Your goal: Restate the data word for word and leave the images out.

Source data:
########################################

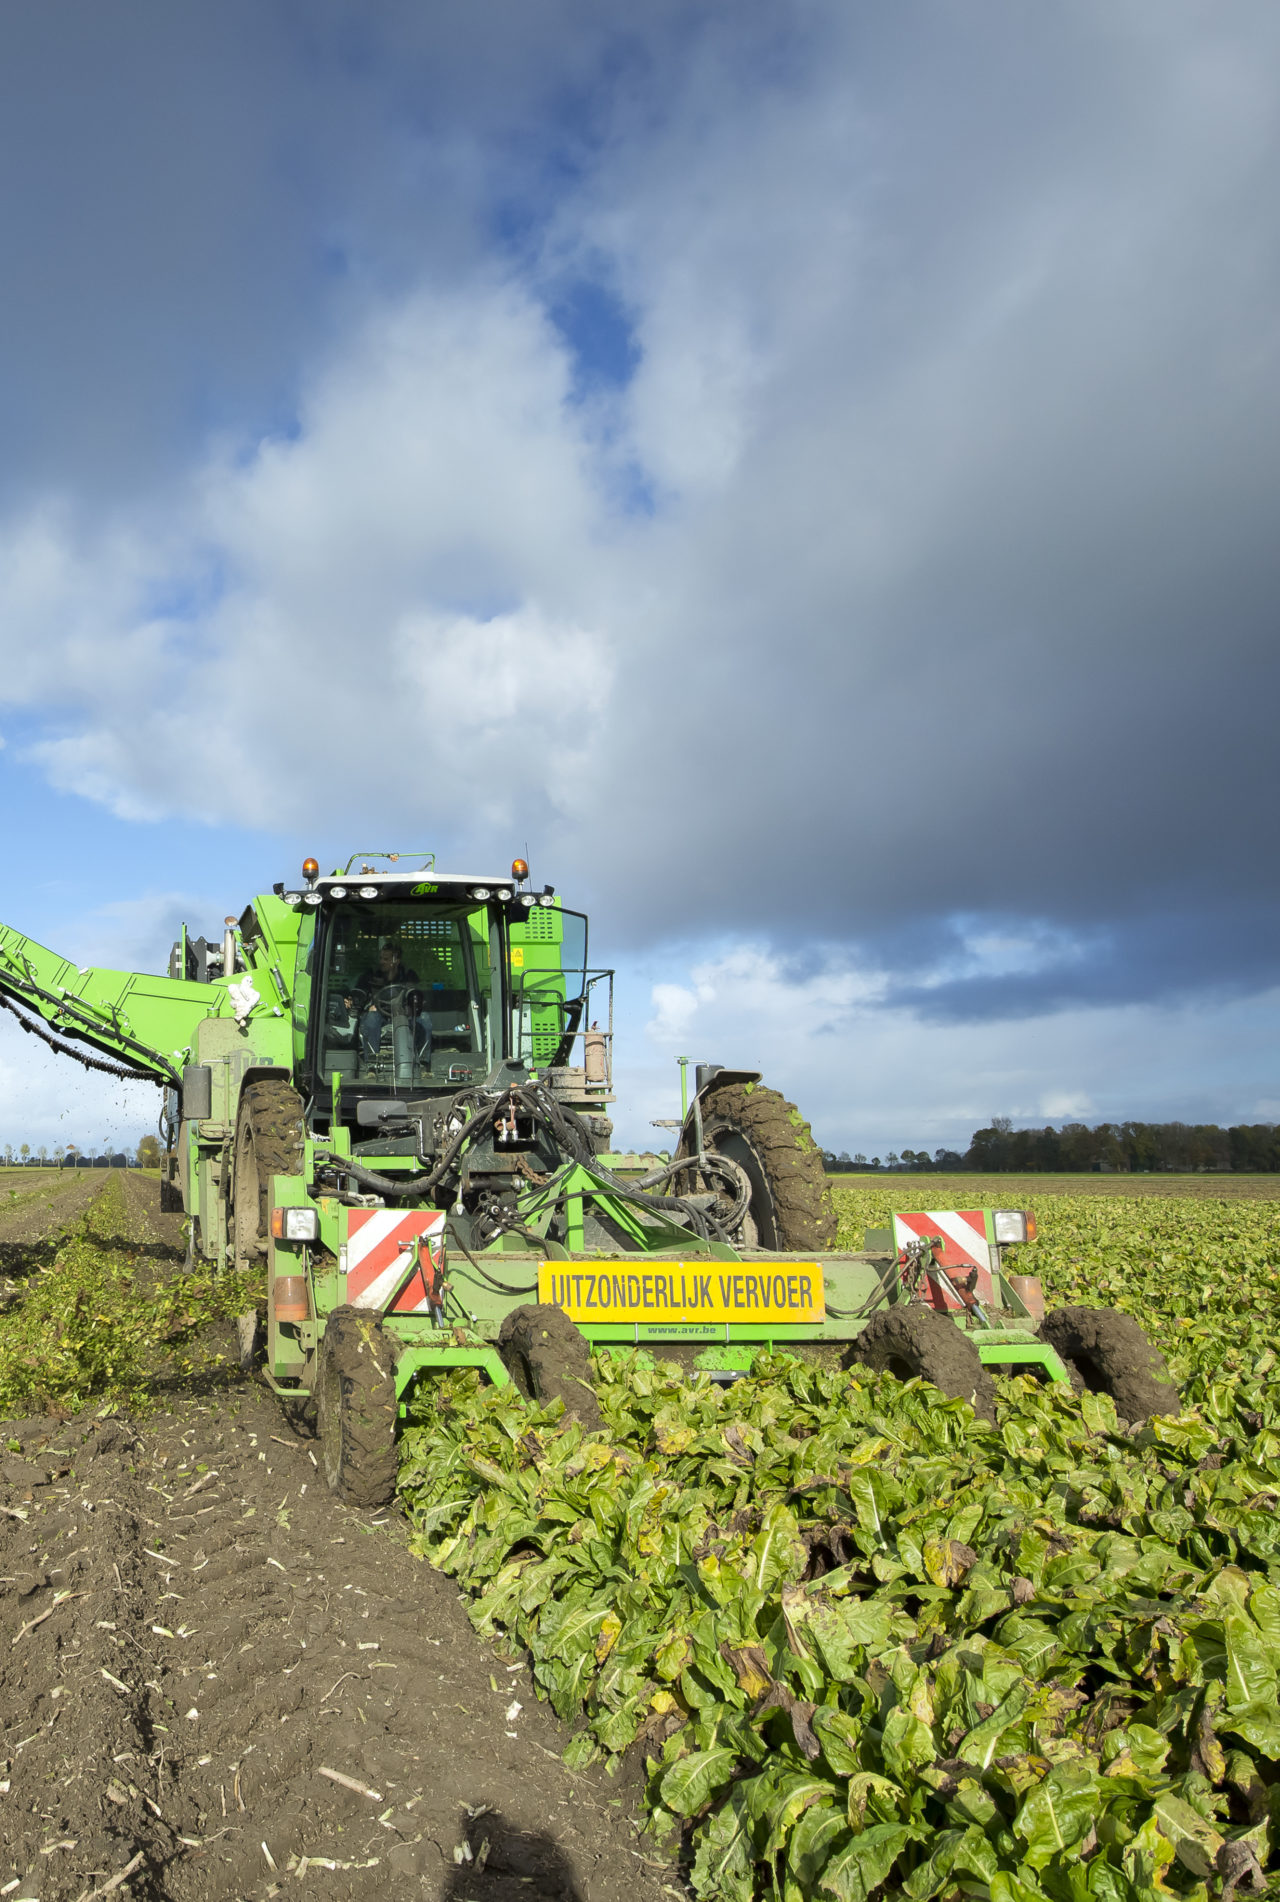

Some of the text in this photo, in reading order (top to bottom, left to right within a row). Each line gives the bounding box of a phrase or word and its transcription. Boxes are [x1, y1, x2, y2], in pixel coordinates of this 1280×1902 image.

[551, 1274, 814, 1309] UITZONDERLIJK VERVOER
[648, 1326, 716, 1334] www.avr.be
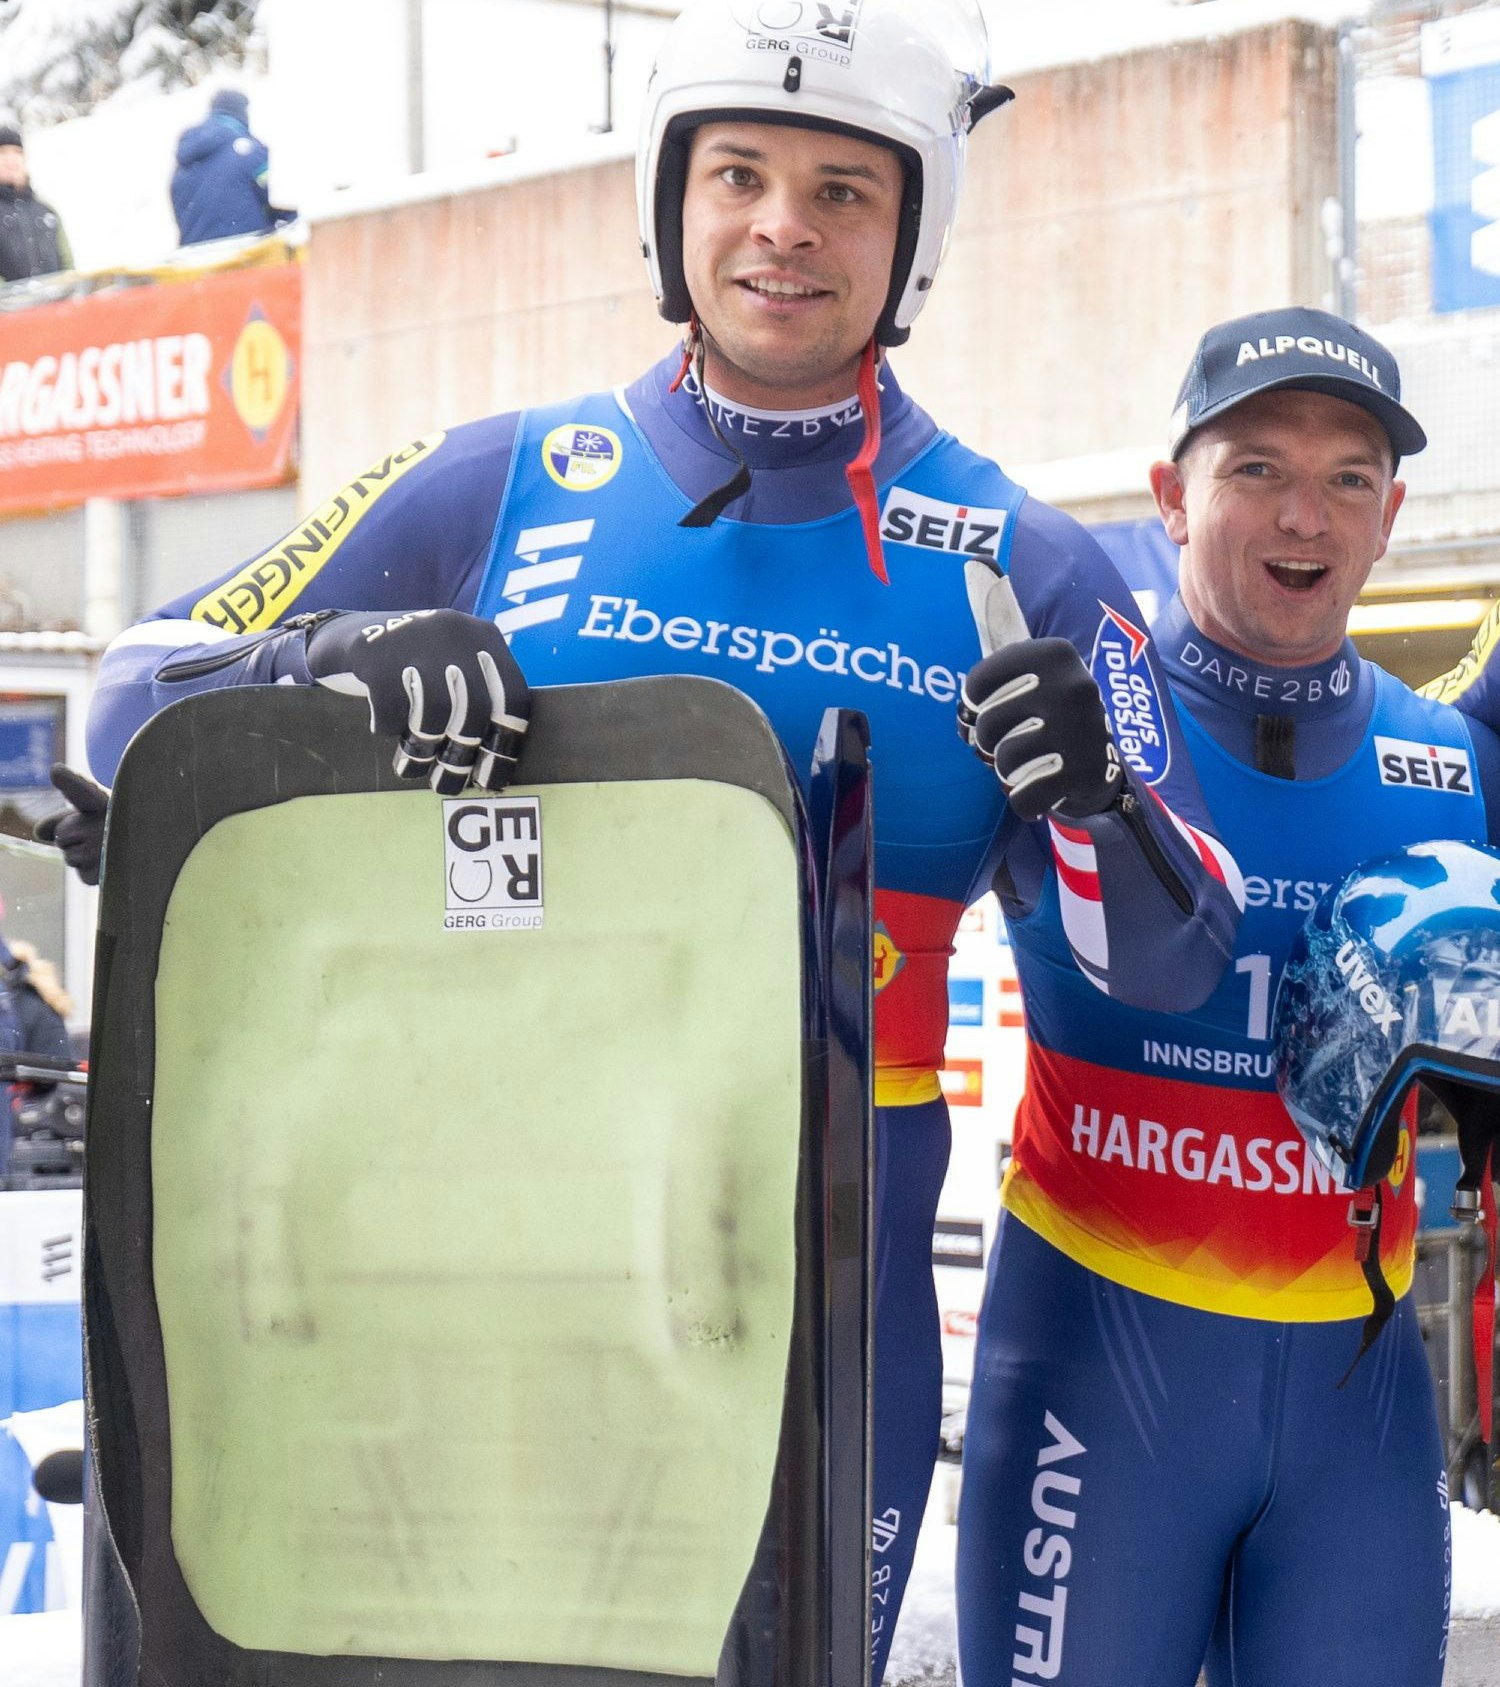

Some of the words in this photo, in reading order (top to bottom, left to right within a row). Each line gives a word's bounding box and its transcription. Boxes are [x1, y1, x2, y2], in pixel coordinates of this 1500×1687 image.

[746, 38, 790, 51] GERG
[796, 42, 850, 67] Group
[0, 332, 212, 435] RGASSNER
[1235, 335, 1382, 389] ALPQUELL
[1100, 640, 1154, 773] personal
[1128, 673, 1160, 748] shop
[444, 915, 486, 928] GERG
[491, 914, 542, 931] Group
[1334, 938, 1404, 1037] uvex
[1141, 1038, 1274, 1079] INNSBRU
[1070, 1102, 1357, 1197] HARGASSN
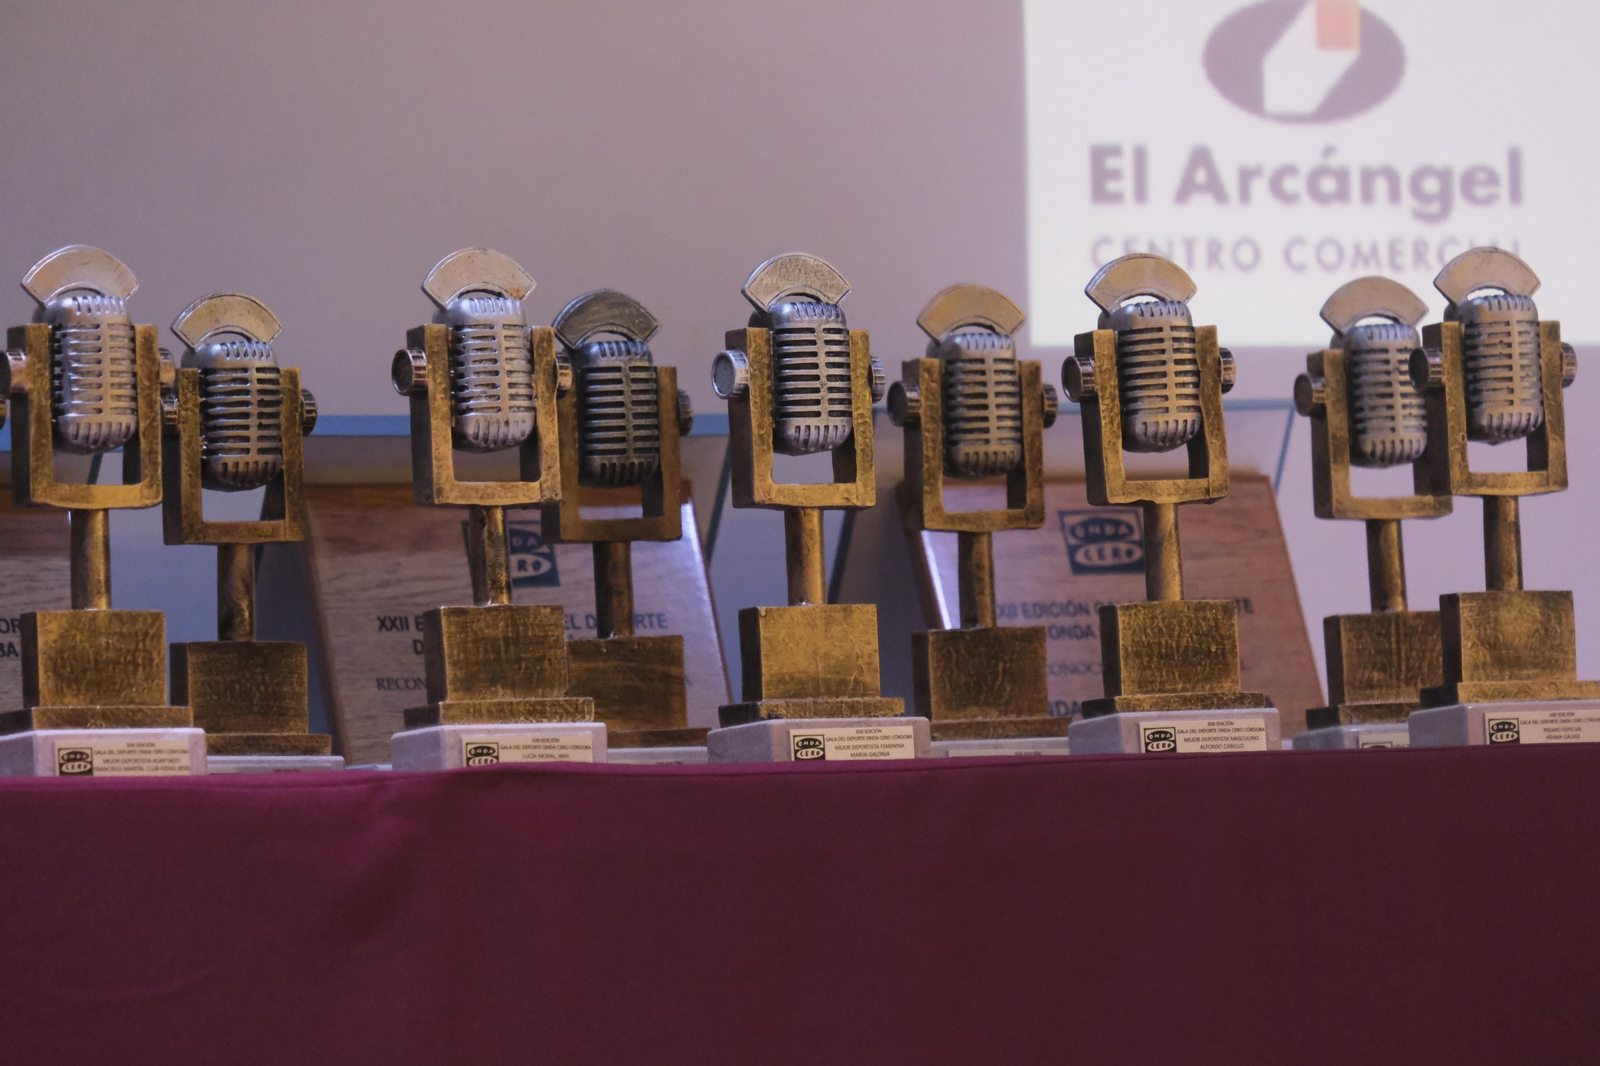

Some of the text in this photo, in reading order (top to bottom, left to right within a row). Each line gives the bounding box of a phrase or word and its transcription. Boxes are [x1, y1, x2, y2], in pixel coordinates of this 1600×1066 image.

########################################

Result of this exercise:
Some of the text in this photo, in reading order (top to bottom, left to right within a row). Each line gives the bounding box of a phrase or word and its transcription. Boxes are [x1, y1, x2, y2], in pixel coordinates of this 1280×1902 image.

[551, 1274, 814, 1309] UITZONDERLIJK VERVOER
[648, 1326, 716, 1334] www.avr.be

Some of the words in this photo, in reading order (top to bottom, left to right within a row). Each line gives a word's bounding box and its transcription. Boxes are [x1, y1, x2, y2], in pixel coordinates of this 1500×1687 image.

[746, 38, 790, 51] GERG
[796, 42, 850, 67] Group
[0, 332, 212, 435] RGASSNER
[1235, 335, 1382, 389] ALPQUELL
[1100, 640, 1154, 773] personal
[1128, 673, 1160, 748] shop
[444, 915, 486, 928] GERG
[491, 914, 542, 931] Group
[1334, 938, 1404, 1037] uvex
[1141, 1038, 1274, 1079] INNSBRU
[1070, 1102, 1357, 1197] HARGASSN

Some of the text in this photo, in reading order (top to bottom, left to right within a row). Each line gives the bounding box of a phrase or word and its transcription. Boxes are [x1, y1, x2, y2], in pixel coordinates of this 1600×1066 image.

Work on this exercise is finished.